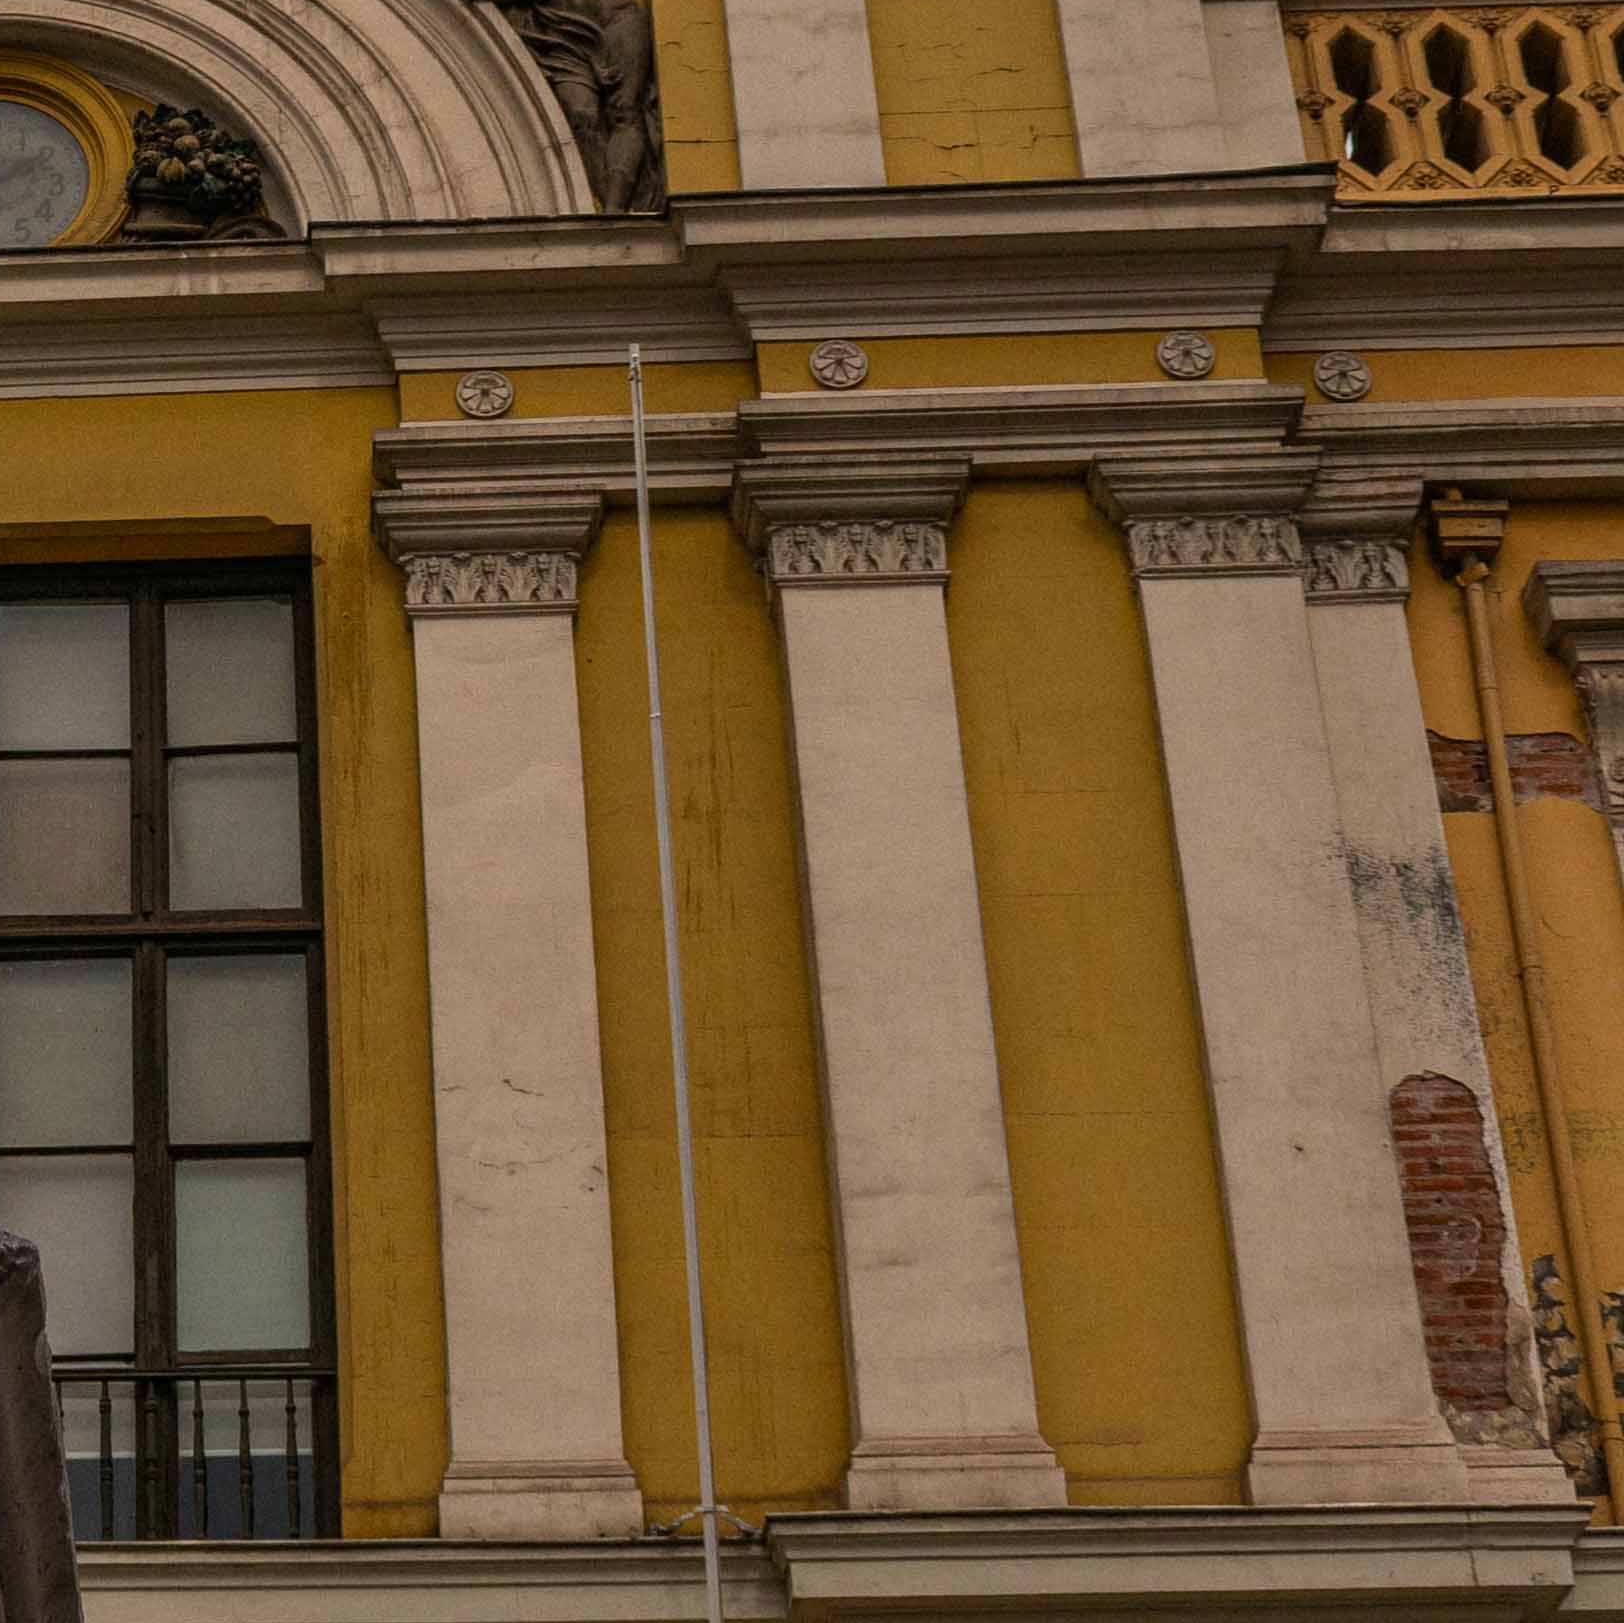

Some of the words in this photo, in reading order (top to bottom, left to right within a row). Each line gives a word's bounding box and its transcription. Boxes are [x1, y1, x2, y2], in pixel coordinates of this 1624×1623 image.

[38, 145, 55, 172] 2
[48, 173, 65, 197] 3
[34, 199, 54, 223] 4
[14, 218, 31, 243] 5

··········

• **Problem to work on**
Retype the entries word for word. Omit any images.

• **Solution below**
Some of the words in this photo, in reading order (top to bottom, left to right within a row). Each line gives a word's bounding box and its transcription. Boxes are [x1, y1, x2, y2], in pixel coordinates of this 1624×1623 image.

[38, 145, 55, 172] 2
[48, 173, 65, 197] 3
[34, 199, 54, 223] 4
[14, 218, 31, 243] 5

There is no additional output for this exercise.